ACTION ITEM: Your task is to output, without alteration, each line from the one containing "this 1600×1067 image." through the final line of the records below.

Entries taken from a collection:

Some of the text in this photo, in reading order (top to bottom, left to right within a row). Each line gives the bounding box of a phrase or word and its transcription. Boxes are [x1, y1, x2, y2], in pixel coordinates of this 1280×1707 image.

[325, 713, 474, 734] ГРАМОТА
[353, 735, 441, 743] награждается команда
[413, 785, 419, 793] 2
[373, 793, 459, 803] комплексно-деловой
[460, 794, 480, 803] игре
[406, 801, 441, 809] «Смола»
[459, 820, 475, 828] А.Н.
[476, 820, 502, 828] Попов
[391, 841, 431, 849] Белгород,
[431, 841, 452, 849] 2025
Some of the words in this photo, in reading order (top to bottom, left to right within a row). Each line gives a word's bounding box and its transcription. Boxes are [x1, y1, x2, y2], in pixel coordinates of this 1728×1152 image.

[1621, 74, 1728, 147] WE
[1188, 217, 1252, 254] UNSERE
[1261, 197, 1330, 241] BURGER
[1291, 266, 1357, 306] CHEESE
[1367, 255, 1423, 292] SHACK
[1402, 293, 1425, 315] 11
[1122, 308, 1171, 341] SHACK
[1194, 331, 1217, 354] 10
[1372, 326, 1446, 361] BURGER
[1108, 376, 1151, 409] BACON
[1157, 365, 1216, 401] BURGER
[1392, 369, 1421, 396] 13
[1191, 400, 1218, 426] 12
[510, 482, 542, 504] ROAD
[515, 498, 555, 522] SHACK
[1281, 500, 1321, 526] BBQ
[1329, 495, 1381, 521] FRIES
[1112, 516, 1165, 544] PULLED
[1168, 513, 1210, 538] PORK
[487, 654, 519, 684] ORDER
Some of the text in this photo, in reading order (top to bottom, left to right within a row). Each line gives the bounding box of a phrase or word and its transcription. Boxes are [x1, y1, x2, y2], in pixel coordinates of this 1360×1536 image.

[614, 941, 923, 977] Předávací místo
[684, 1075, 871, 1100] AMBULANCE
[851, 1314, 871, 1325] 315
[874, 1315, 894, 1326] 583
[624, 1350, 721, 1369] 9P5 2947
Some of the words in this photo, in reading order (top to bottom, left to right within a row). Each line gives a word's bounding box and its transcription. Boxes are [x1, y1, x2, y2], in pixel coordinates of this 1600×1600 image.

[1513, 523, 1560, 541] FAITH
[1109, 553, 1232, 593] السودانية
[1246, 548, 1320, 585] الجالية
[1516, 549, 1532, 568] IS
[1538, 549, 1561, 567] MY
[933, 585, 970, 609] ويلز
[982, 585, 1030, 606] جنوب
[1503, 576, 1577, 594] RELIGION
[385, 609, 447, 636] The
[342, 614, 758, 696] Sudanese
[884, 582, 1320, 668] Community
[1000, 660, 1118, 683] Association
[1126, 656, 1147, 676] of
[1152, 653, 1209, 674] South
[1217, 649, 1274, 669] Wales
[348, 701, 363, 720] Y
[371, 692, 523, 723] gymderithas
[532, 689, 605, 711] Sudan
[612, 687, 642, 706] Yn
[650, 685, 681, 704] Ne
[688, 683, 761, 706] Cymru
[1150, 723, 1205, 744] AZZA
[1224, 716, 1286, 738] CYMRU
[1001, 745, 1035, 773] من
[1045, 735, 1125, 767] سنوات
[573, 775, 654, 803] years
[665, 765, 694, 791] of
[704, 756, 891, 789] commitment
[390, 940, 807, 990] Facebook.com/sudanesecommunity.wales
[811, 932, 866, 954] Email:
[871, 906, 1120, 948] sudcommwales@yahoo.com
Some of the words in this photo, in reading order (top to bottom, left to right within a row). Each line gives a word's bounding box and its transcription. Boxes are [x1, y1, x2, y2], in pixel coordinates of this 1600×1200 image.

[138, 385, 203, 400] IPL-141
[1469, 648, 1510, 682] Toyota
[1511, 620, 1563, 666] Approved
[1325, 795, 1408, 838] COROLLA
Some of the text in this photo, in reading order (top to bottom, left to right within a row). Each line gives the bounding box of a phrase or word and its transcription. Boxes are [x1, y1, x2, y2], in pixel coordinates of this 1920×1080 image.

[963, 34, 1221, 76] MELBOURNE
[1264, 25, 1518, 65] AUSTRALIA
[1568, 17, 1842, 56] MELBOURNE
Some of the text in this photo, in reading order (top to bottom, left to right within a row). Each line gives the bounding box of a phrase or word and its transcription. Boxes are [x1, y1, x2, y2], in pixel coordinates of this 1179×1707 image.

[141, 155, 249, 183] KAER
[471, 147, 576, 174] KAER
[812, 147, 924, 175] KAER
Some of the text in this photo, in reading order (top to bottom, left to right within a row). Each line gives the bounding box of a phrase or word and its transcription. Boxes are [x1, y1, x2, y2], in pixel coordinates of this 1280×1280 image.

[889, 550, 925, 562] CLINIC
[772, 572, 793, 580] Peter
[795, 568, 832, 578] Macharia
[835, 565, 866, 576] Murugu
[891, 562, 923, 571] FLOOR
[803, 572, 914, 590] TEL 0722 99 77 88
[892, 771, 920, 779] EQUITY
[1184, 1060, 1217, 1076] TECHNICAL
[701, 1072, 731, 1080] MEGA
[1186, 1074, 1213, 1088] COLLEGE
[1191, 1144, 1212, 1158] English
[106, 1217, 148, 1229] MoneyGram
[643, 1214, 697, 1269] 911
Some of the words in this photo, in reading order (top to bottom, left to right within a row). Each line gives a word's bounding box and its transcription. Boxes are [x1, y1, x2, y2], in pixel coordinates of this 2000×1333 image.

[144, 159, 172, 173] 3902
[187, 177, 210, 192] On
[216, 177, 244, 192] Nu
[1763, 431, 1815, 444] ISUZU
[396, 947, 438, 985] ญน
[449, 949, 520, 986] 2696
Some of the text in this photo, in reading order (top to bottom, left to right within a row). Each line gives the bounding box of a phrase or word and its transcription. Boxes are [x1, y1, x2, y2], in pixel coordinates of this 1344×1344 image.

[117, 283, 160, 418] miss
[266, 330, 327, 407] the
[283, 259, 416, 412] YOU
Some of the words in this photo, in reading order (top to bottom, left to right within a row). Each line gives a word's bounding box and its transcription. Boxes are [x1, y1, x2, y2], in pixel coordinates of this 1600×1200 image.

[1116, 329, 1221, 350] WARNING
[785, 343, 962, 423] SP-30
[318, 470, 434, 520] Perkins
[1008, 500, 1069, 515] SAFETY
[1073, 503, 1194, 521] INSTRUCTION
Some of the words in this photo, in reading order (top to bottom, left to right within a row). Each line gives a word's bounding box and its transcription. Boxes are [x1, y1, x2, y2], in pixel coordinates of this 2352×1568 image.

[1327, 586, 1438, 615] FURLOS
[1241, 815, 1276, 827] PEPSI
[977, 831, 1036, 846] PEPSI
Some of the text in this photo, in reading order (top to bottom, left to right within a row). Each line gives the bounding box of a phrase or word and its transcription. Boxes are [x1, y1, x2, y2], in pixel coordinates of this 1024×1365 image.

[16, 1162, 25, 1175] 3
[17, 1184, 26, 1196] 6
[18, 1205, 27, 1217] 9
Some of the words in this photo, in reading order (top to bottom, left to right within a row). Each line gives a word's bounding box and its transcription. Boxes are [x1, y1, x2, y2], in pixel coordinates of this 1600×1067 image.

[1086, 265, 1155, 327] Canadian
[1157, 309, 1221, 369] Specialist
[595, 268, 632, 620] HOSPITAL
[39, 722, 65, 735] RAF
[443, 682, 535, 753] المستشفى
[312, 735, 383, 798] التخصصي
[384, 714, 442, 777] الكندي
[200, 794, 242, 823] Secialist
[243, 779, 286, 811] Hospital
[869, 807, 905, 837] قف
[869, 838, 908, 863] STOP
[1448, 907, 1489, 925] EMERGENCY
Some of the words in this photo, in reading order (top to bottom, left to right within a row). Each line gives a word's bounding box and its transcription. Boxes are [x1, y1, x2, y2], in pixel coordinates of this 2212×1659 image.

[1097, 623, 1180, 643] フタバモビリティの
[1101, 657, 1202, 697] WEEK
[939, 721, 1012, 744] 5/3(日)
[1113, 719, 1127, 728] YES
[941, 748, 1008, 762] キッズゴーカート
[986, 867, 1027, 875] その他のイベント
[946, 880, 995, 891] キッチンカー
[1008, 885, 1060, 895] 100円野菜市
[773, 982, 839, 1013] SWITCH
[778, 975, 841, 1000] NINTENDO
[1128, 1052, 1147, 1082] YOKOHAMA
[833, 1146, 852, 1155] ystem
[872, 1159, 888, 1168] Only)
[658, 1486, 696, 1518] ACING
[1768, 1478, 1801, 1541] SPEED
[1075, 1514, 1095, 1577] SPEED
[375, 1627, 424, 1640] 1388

SOLUTION:
Some of the words in this photo, in reading order (top to bottom, left to right within a row). Each line gives a word's bounding box and its transcription. Boxes are [x1, y1, x2, y2], in pixel coordinates of this 1600×1067 image.

[1086, 265, 1155, 327] Canadian
[1157, 309, 1221, 369] Specialist
[595, 268, 632, 620] HOSPITAL
[39, 722, 65, 735] RAF
[443, 682, 535, 753] المستشفى
[312, 735, 383, 798] التخصصي
[384, 714, 442, 777] الكندي
[200, 794, 242, 823] Secialist
[243, 779, 286, 811] Hospital
[869, 807, 905, 837] قف
[869, 838, 908, 863] STOP
[1448, 907, 1489, 925] EMERGENCY
Some of the words in this photo, in reading order (top to bottom, left to right within a row). Each line gives a word's bounding box and its transcription. Boxes are [x1, y1, x2, y2], in pixel coordinates of this 2212×1659 image.

[1097, 623, 1180, 643] フタバモビリティの
[1101, 657, 1202, 697] WEEK
[939, 721, 1012, 744] 5/3(日)
[1113, 719, 1127, 728] YES
[941, 748, 1008, 762] キッズゴーカート
[986, 867, 1027, 875] その他のイベント
[946, 880, 995, 891] キッチンカー
[1008, 885, 1060, 895] 100円野菜市
[773, 982, 839, 1013] SWITCH
[778, 975, 841, 1000] NINTENDO
[1128, 1052, 1147, 1082] YOKOHAMA
[833, 1146, 852, 1155] ystem
[872, 1159, 888, 1168] Only)
[658, 1486, 696, 1518] ACING
[1768, 1478, 1801, 1541] SPEED
[1075, 1514, 1095, 1577] SPEED
[375, 1627, 424, 1640] 1388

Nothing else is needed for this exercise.